Dust supressant trials Kings Cross to Edgeware Road

P1030841 I lived for a year or two in the heart of the roaring Kings Cross gyratory on the Cally Road.  It was an early-Victorian flat with poor insulation and bad secondary glazing.  The amount of fine black dust that would come into the flat was extraordinary.  It was generated by the passing traffic.  Amongst this dust was undoubtedly PM10 – the finest dust caused by tyre and brake abrasion and associated with a range of health problems amongst the young and the old.  A 2010 report for the Mayor said that over 4,000 early deaths were caused by long term exposure to air pollution:

It is widely accepted by the medical and scientific communities that there is a link between exposure to air pollution and the effects on health. These effects can vary in severity including mortality (death) and morbidity (the occurrence of illnesses throughout a life time). The evidence base from scientific studies shows that increased levels of fine particles in the air can increase risks of death. Increased exposure to particulates aggravates respiratory and cardio vascular conditions and research has shown that these particles can be inhaled deep into the respiratory tract.

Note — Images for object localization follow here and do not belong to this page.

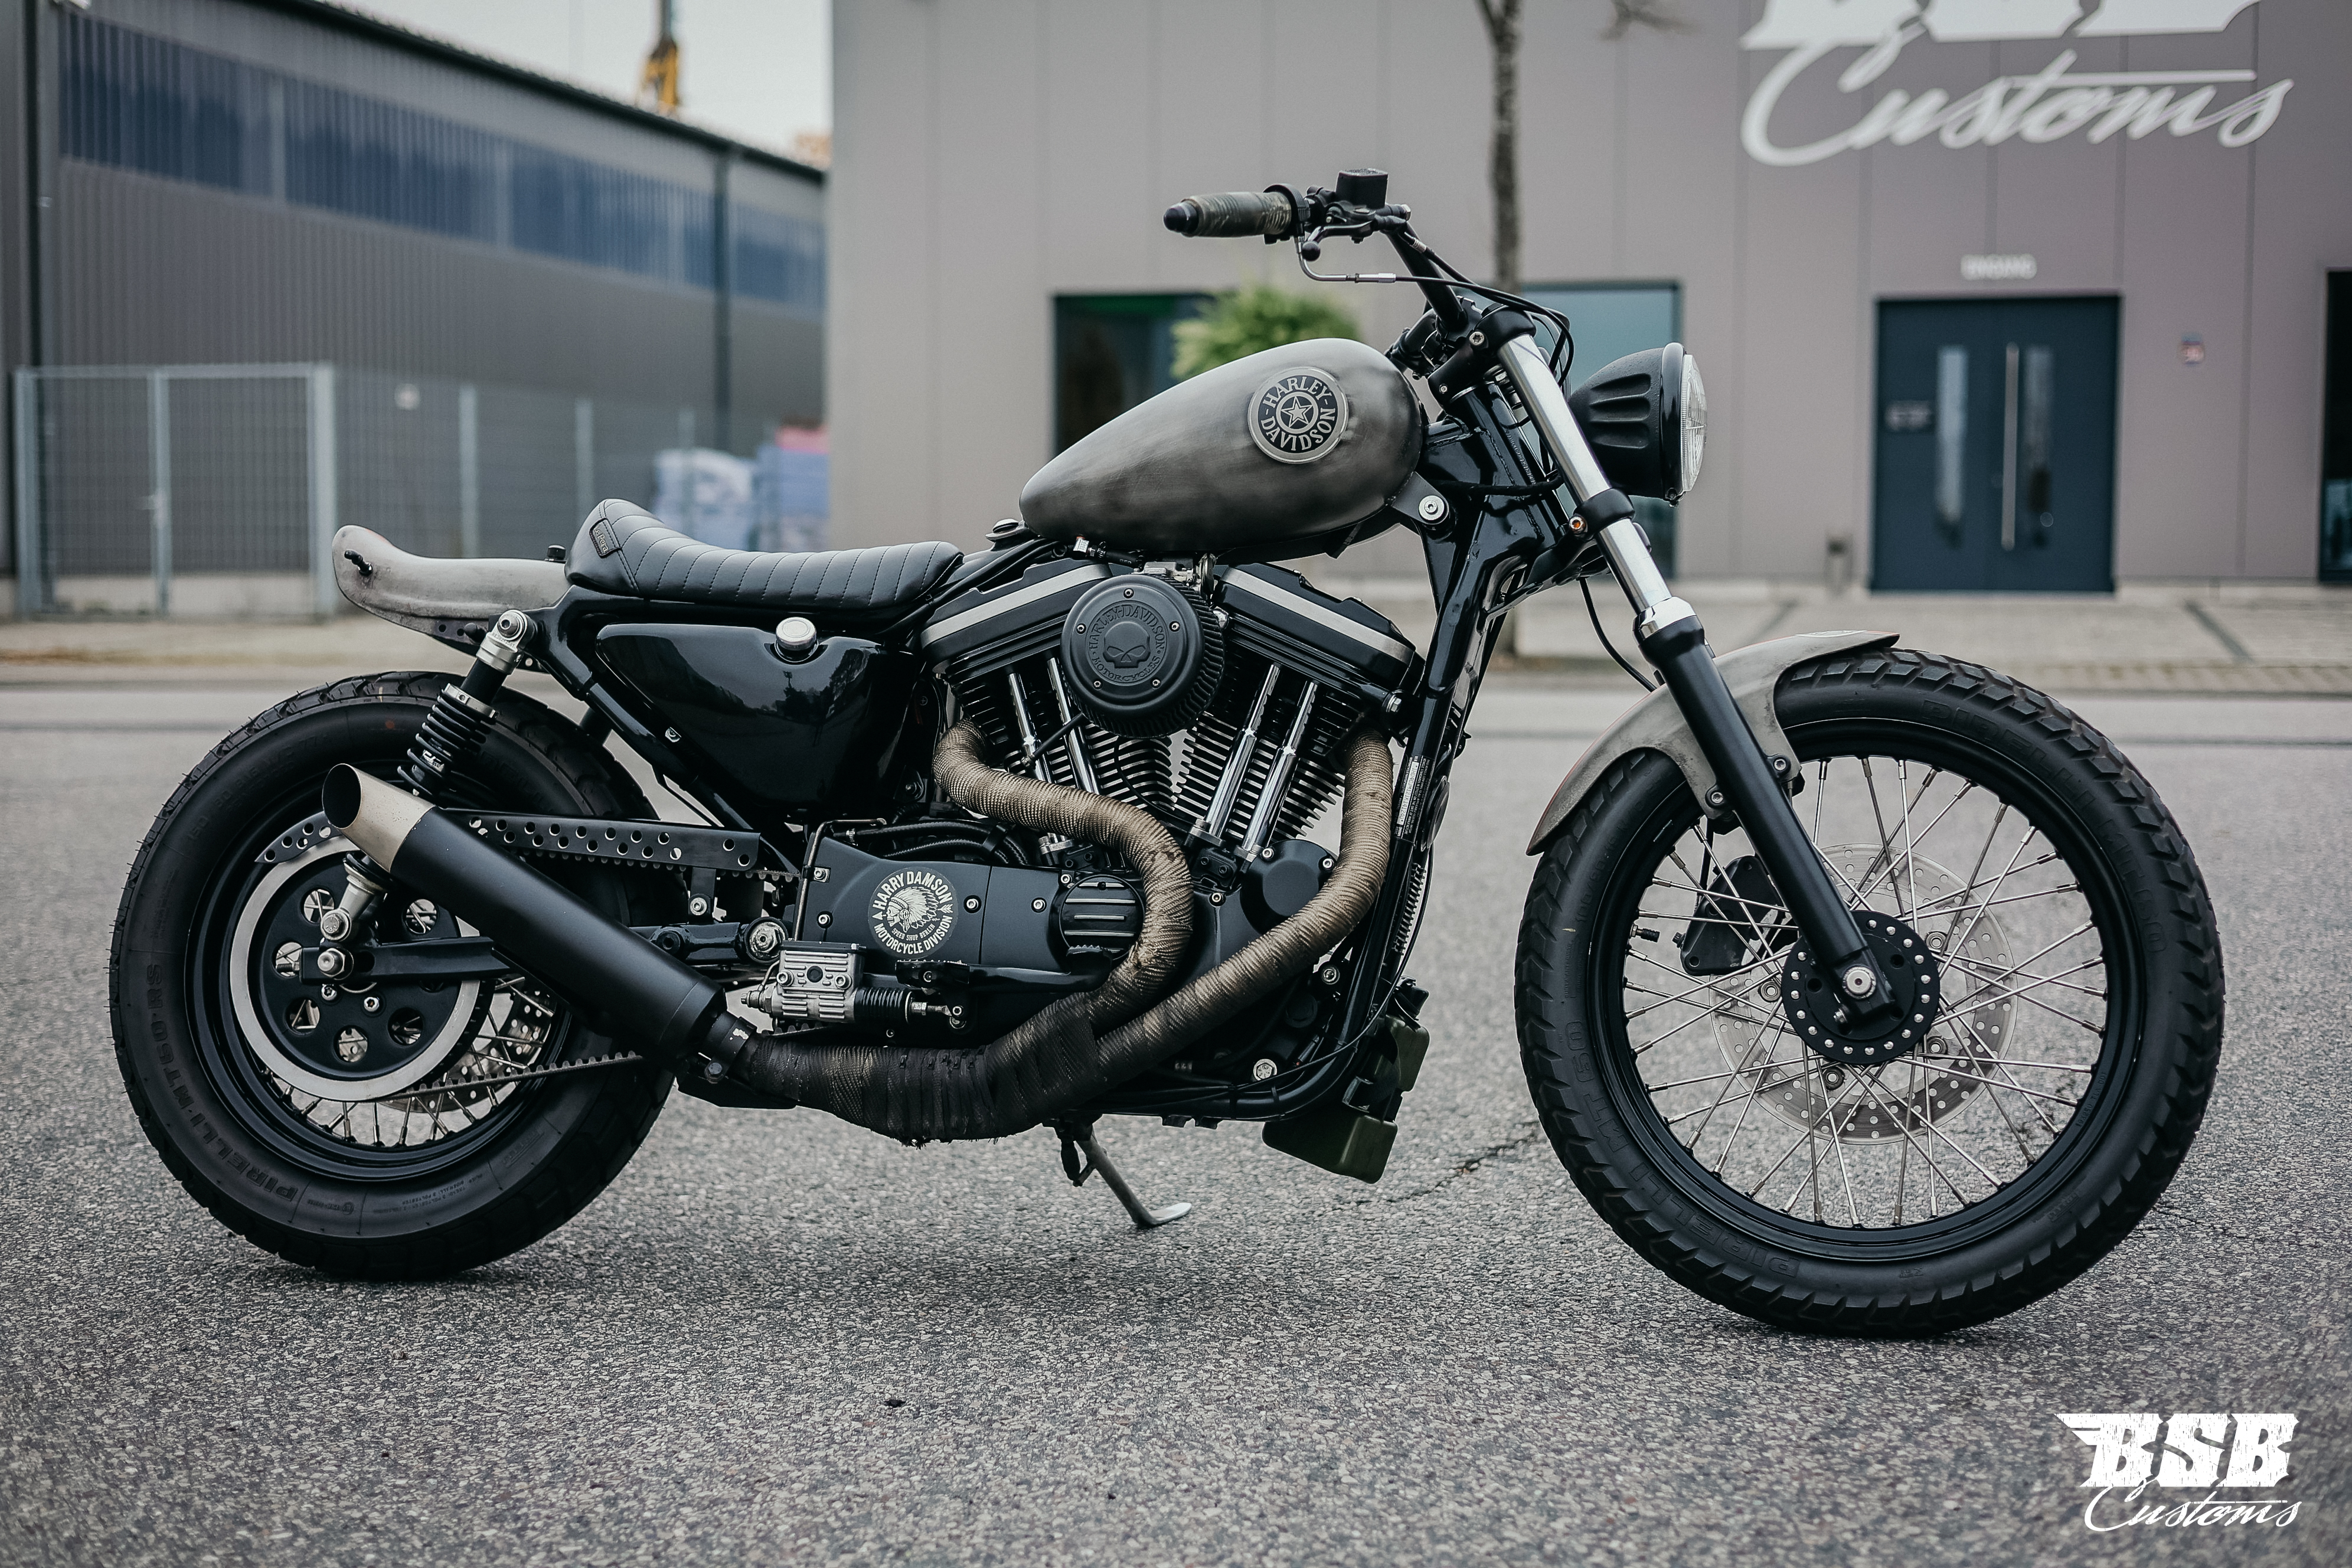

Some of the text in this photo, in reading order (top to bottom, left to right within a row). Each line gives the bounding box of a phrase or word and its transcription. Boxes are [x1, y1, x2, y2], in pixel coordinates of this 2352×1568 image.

[1740, 18, 2295, 166] Customs
[1092, 655, 1161, 682] MOTORCYCLES
[872, 871, 953, 910] HARRY DAMSON
[873, 916, 953, 955] MOTORCYCLE DIVISION
[891, 927, 906, 940] SPEED
[919, 923, 936, 939] BERLIN
[188, 1111, 299, 1203] PIRELLI
[1562, 1019, 1801, 1279] PIRELLI MT 60

The UK is in a lot of trouble with the EU for not taking measures to reduce PM10 pollution.   I finally got around to researching the 'dust supressant' trial advertised by the large yellow signs at Kings Cross. TfL says:

'The dust suppressant is a solution made up of Calcium Magnesium Acetate that literally sticks the particulate matter to the carriageway and prevents it re-circulating in the air. It is a biodegradable saline solution that will be sprayed in very small amounts, evenly on roads in the two trial sites.

'As part of the trial the carriageway is first swept and jetwashed by a machine similar to a road dust sweeper and then the solution is applied by a modified winter gritting machine that has a very fine sprinkler-like system attached to it. It will be applied several times a week as deemed necessary in the early hours. The trial will last for six months and is hoped to reduce PM10 where it is used by 10-20 per cent.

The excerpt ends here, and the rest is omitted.